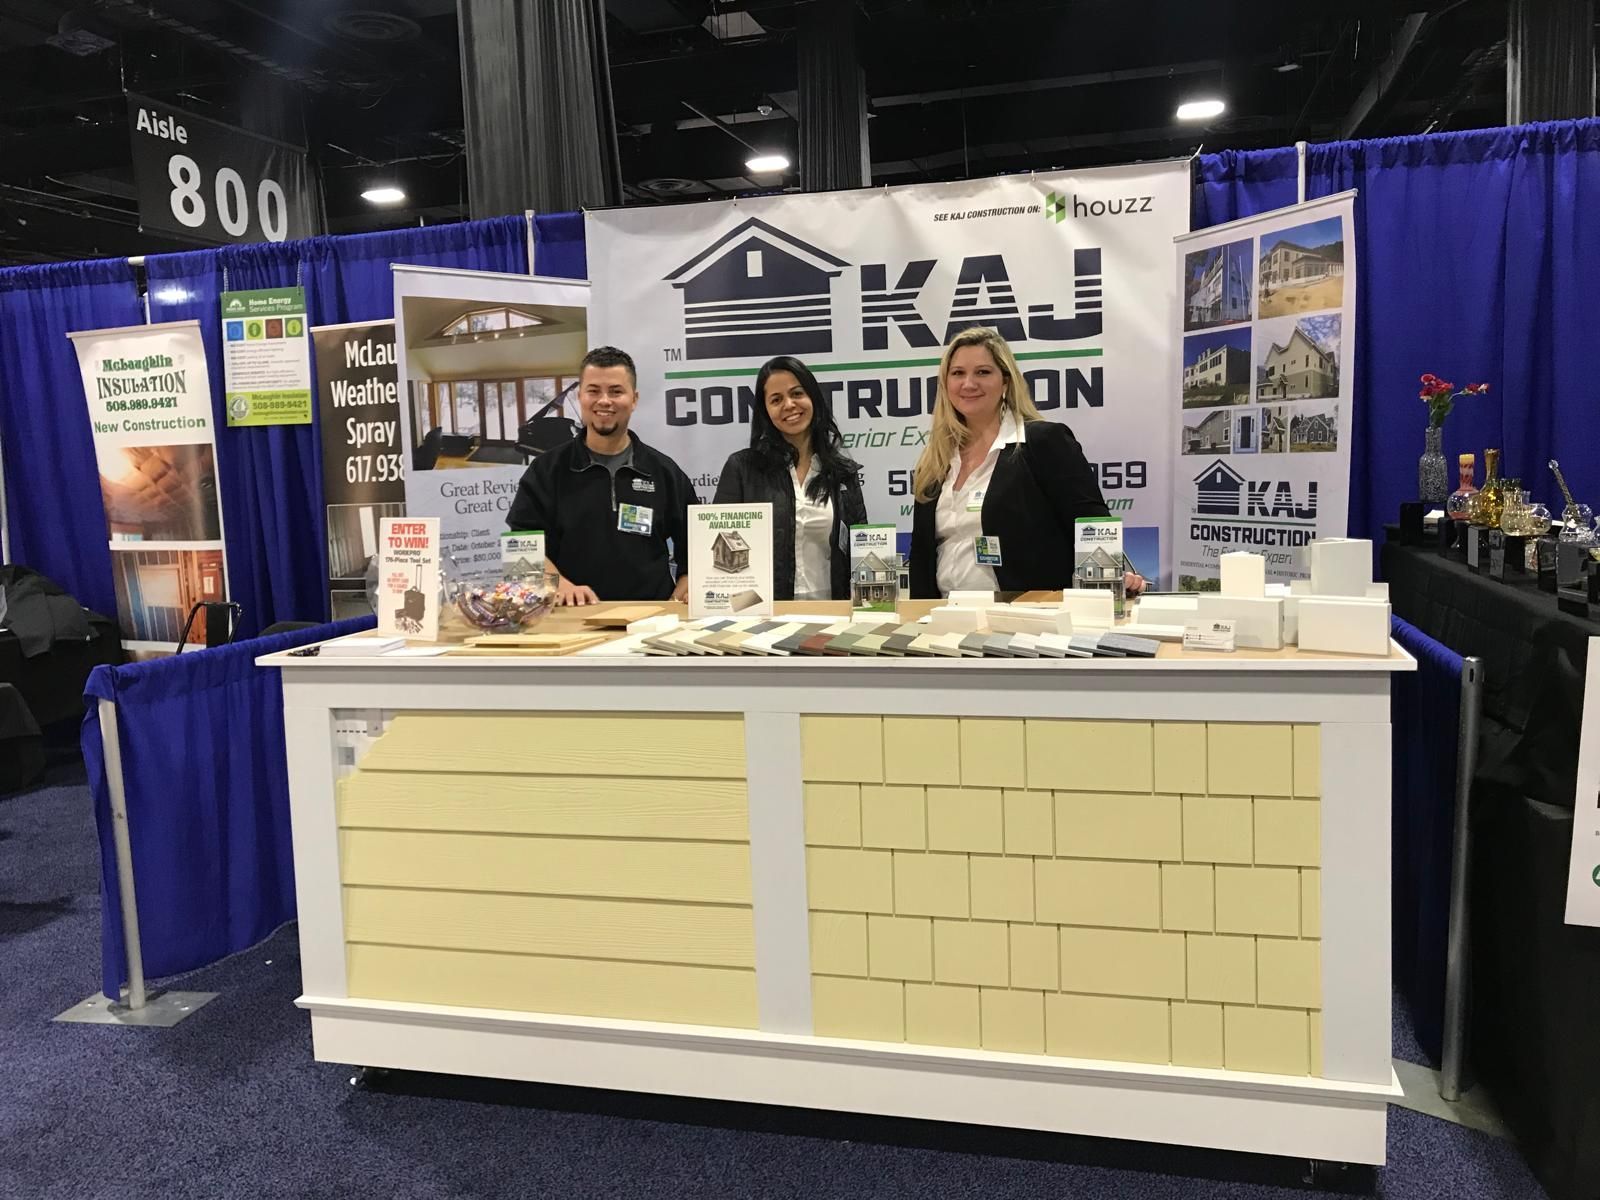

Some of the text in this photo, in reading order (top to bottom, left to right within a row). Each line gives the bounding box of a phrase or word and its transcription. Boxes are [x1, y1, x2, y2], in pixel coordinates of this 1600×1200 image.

[136, 108, 188, 144] Aisle
[168, 154, 288, 242] 800
[1073, 194, 1153, 218] houzz
[933, 205, 1041, 222] SEE KAJ CONSTRUCTION ON:
[249, 304, 275, 313] Services
[276, 303, 303, 312] Program
[268, 297, 291, 305] Energy
[860, 248, 1103, 351] KAJ
[102, 354, 173, 372] McLaughlin
[664, 349, 682, 361] TM
[96, 369, 187, 400] INSULATION
[106, 397, 178, 412] 508.989.9421
[665, 366, 1104, 427] COTRUON
[94, 416, 206, 433] New Construction
[346, 418, 396, 448] Spray
[440, 480, 520, 498] Great Revie
[455, 499, 493, 514] Great
[1247, 481, 1318, 519] KAJ
[697, 511, 763, 521] 100% FINANCING
[709, 520, 751, 529] AVAILABLE
[391, 523, 426, 535] ENTER
[869, 533, 887, 541] KAJ
[1097, 527, 1117, 536] KAJ
[1190, 524, 1316, 547] CONSTRUCTION
[388, 537, 402, 548] TO
[404, 537, 429, 549] WIN!
[1202, 545, 1220, 558] The
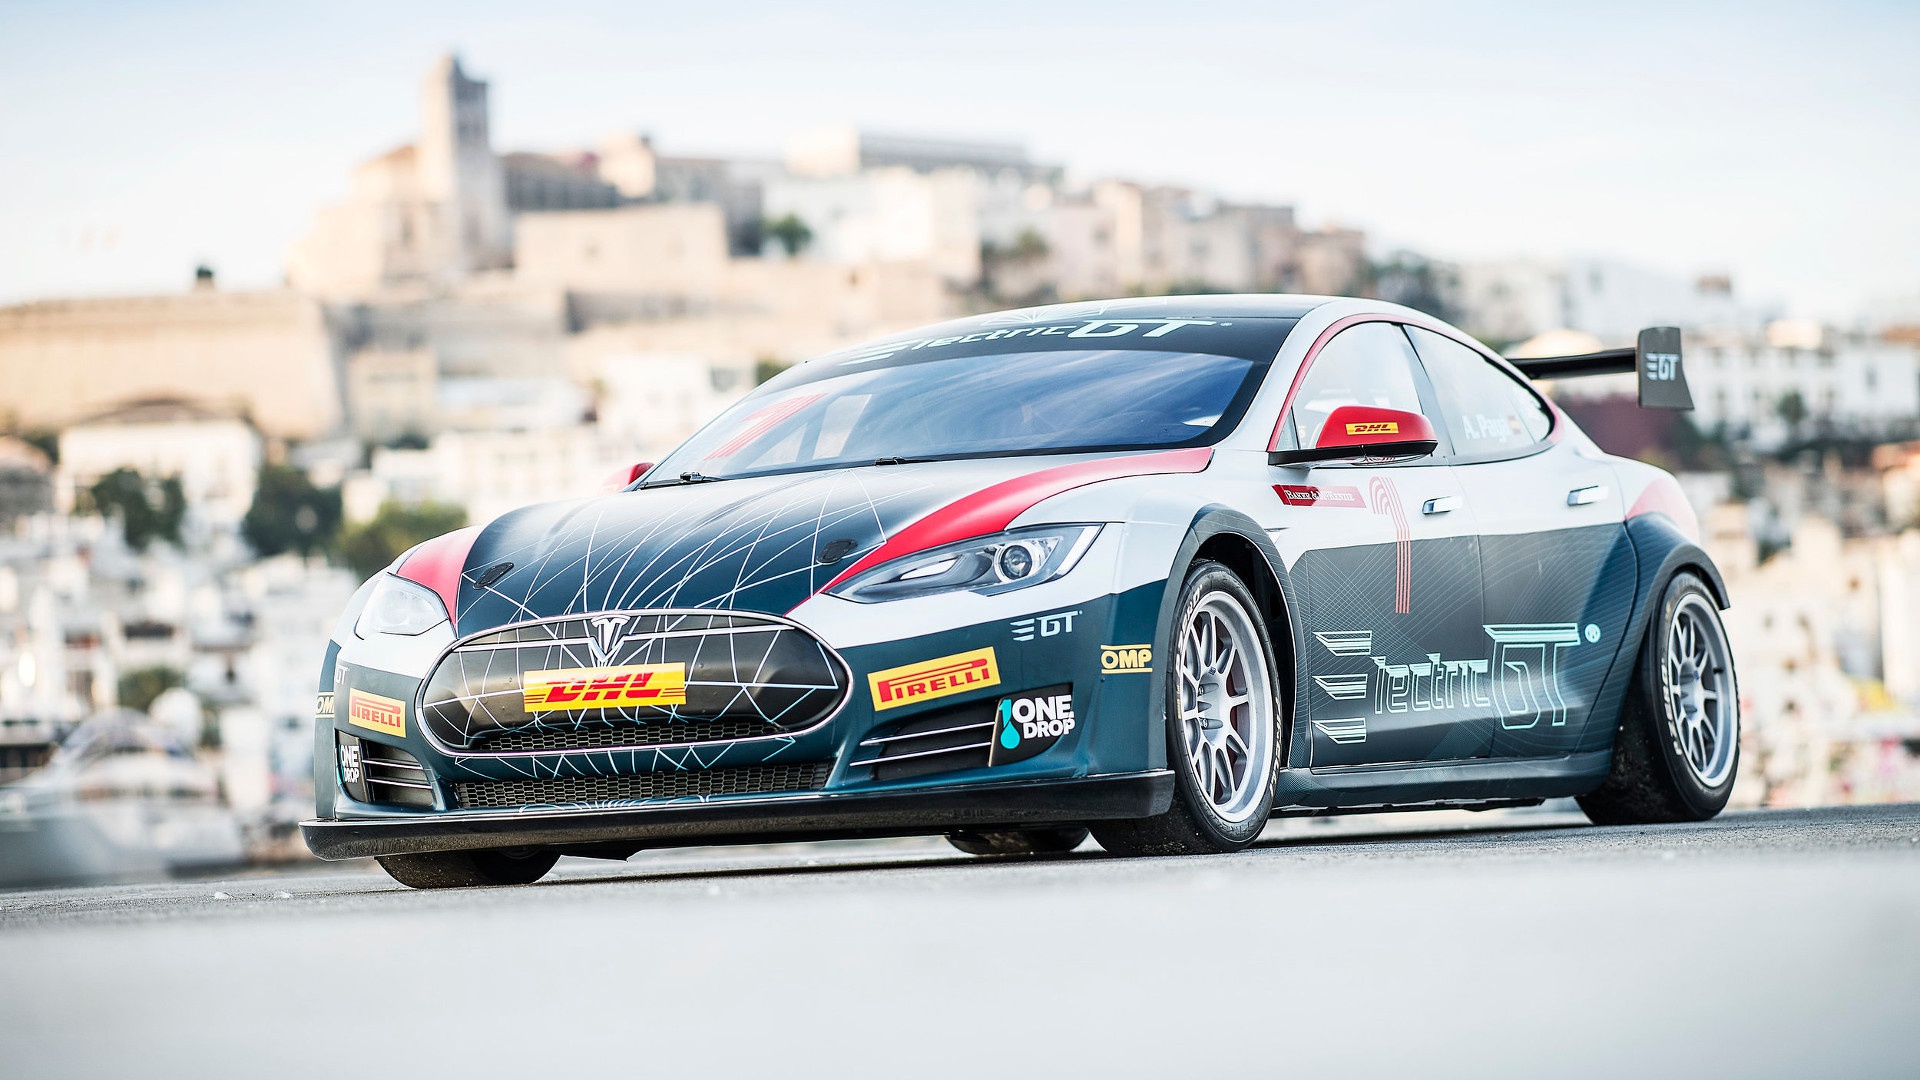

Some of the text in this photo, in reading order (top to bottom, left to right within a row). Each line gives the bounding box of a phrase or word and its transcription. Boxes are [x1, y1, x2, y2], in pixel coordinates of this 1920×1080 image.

[1354, 424, 1391, 433] DHL
[1101, 648, 1152, 670] OMP
[545, 672, 662, 703] DHL
[876, 658, 990, 702] PIRELLI
[315, 696, 335, 714] OM
[351, 695, 401, 728] PIRELLI
[1012, 695, 1072, 723] ONE
[1023, 718, 1076, 739] DROP
[340, 744, 360, 768] ONE
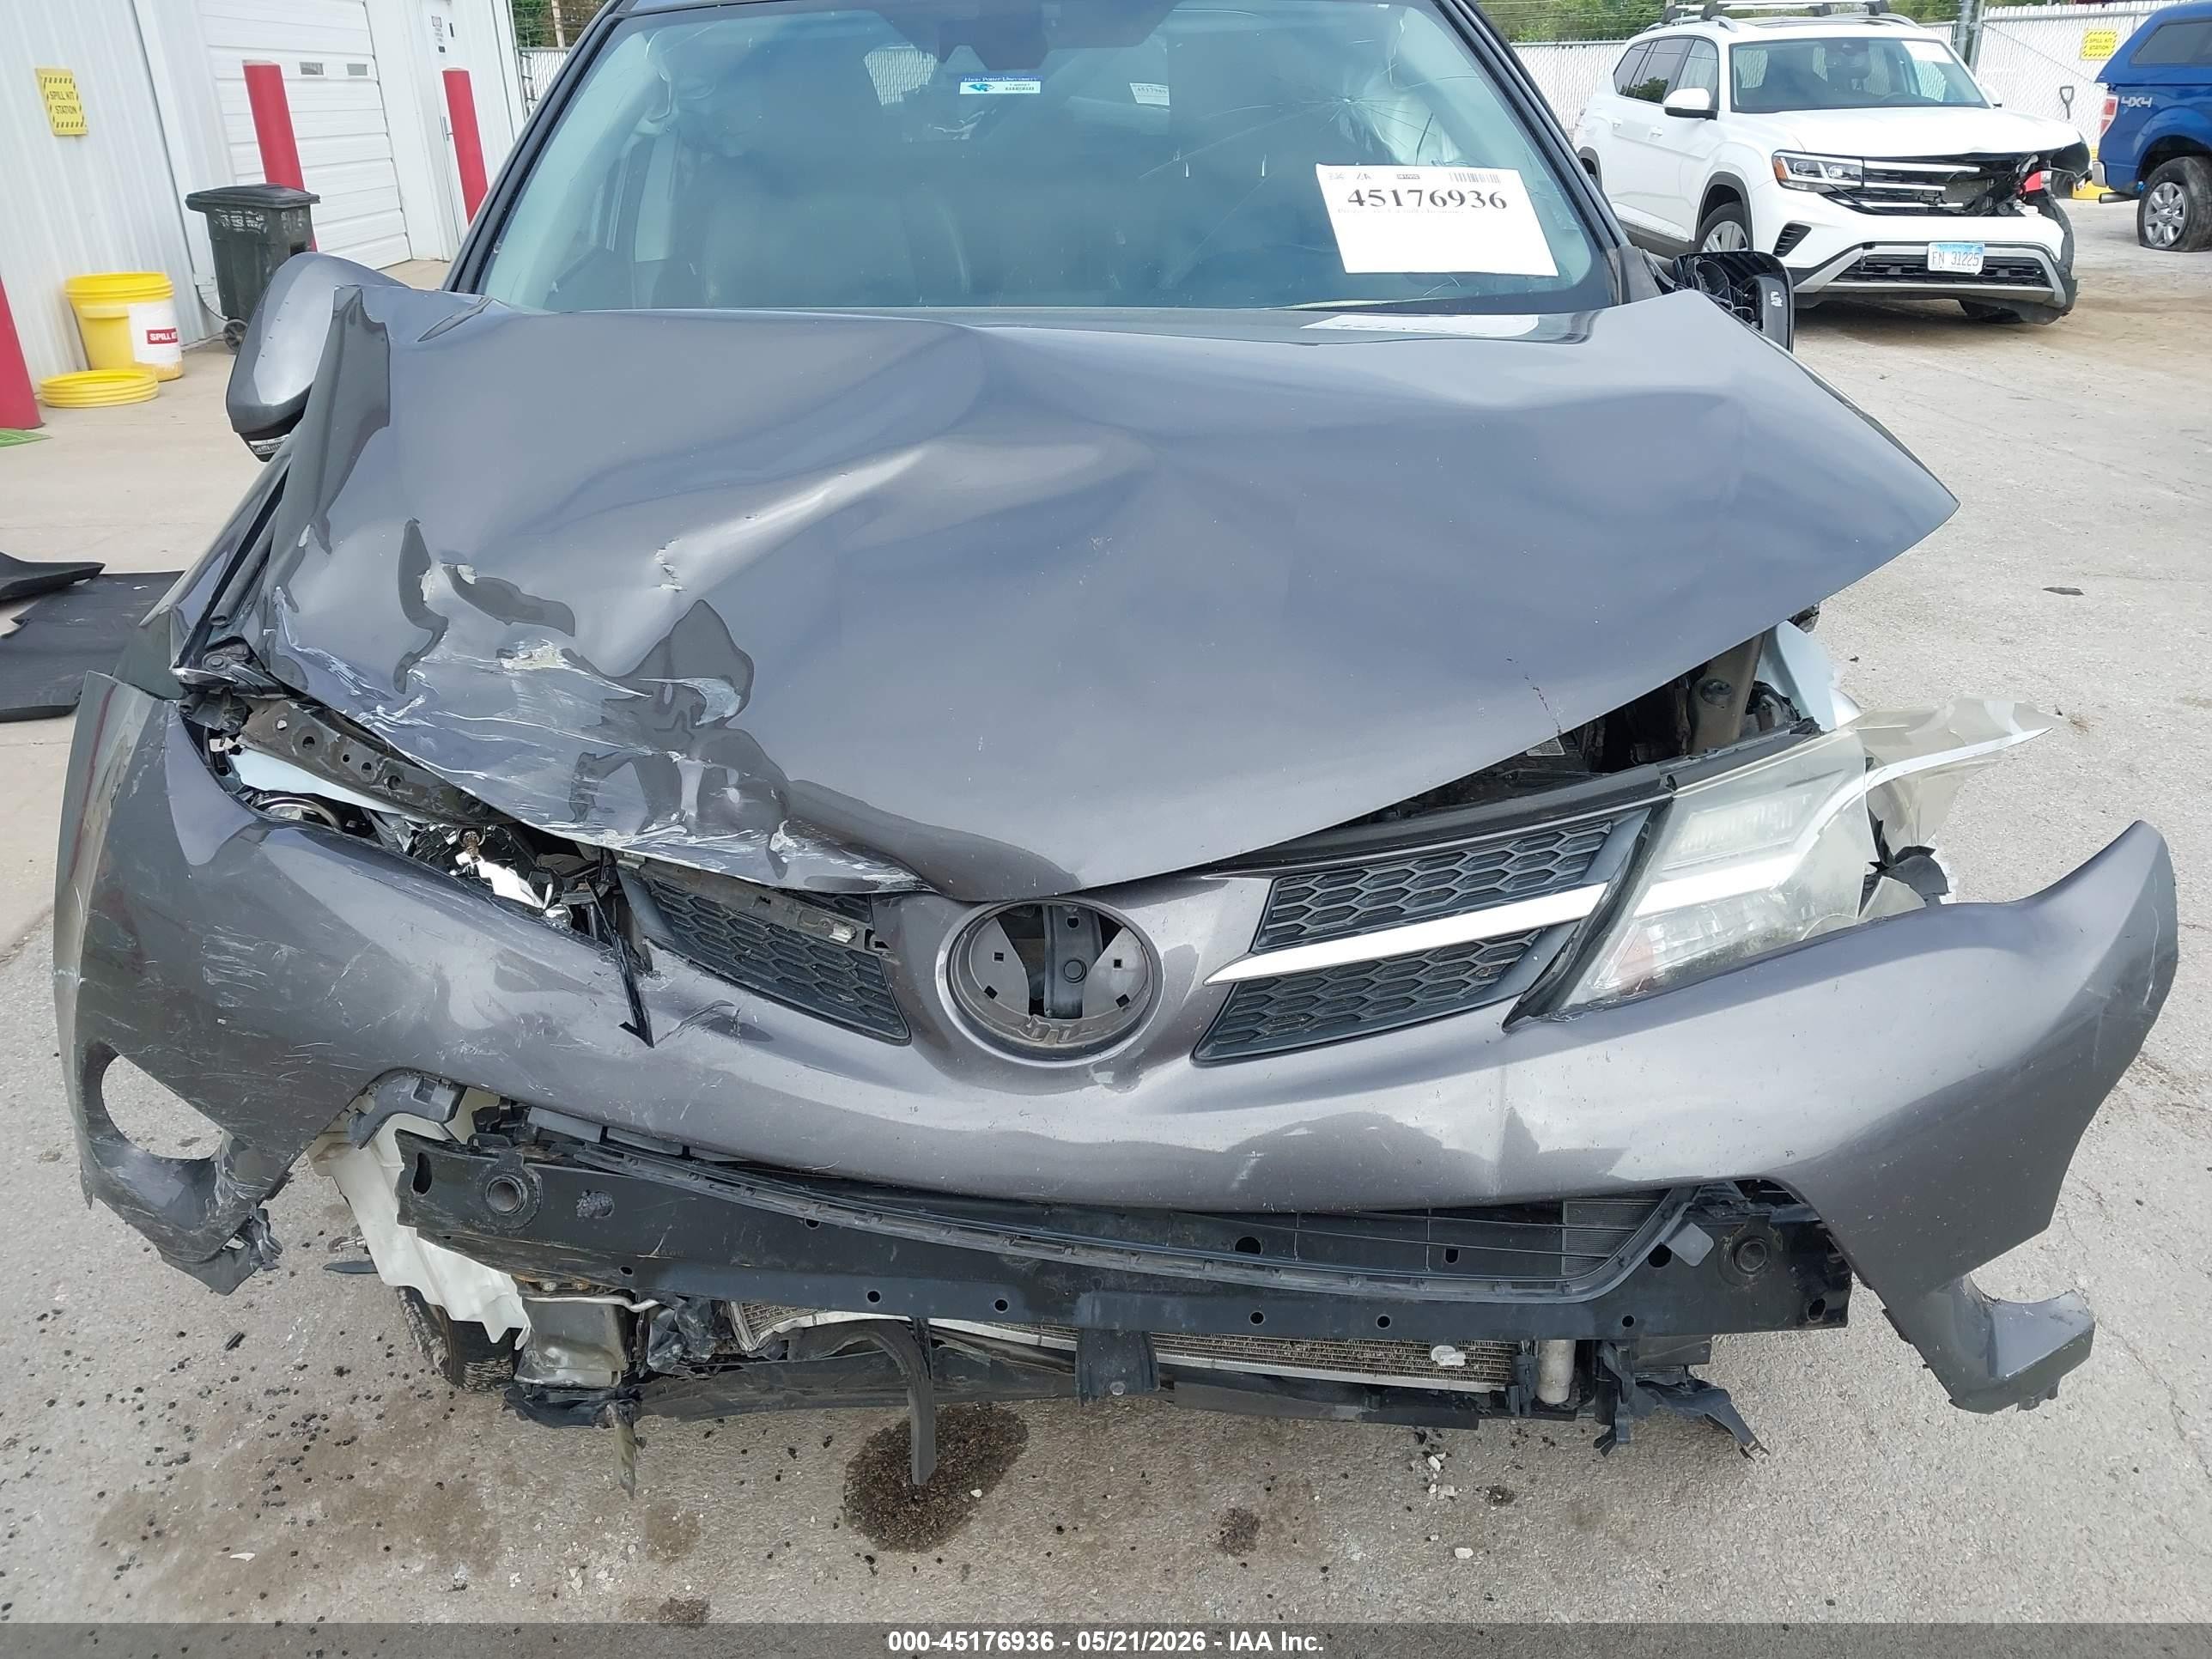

▶ WHAT THIS TASK INVOLVES
Reproduce the material word for word. Any pictures should be left out of the copy.

▶ EXPECTED ANSWER
Some of the text in this photo, in reading order (top to bottom, left to right within a row). Each line gives the bounding box of a phrase or word and its transcription. Boxes are [x1, y1, x2, y2], in pixel coordinates of this 1600×1200 image.

[136, 108, 188, 144] Aisle
[168, 154, 288, 242] 800
[1073, 194, 1153, 218] houzz
[933, 205, 1041, 222] SEE KAJ CONSTRUCTION ON:
[249, 304, 275, 313] Services
[276, 303, 303, 312] Program
[268, 297, 291, 305] Energy
[860, 248, 1103, 351] KAJ
[102, 354, 173, 372] McLaughlin
[664, 349, 682, 361] TM
[96, 369, 187, 400] INSULATION
[106, 397, 178, 412] 508.989.9421
[665, 366, 1104, 427] COTRUON
[94, 416, 206, 433] New Construction
[346, 418, 396, 448] Spray
[440, 480, 520, 498] Great Revie
[455, 499, 493, 514] Great
[1247, 481, 1318, 519] KAJ
[697, 511, 763, 521] 100% FINANCING
[709, 520, 751, 529] AVAILABLE
[391, 523, 426, 535] ENTER
[869, 533, 887, 541] KAJ
[1097, 527, 1117, 536] KAJ
[1190, 524, 1316, 547] CONSTRUCTION
[388, 537, 402, 548] TO
[404, 537, 429, 549] WIN!
[1202, 545, 1220, 558] The

Some of the text in this photo, in reading order (top to bottom, left to right within a row). Each line gives the bounding box of a phrase or word and its transcription. Boxes are [x1, y1, x2, y2], in pixel coordinates of this 1920×1080 image.

[1354, 424, 1391, 433] DHL
[1101, 648, 1152, 670] OMP
[545, 672, 662, 703] DHL
[876, 658, 990, 702] PIRELLI
[315, 696, 335, 714] OM
[351, 695, 401, 728] PIRELLI
[1012, 695, 1072, 723] ONE
[1023, 718, 1076, 739] DROP
[340, 744, 360, 768] ONE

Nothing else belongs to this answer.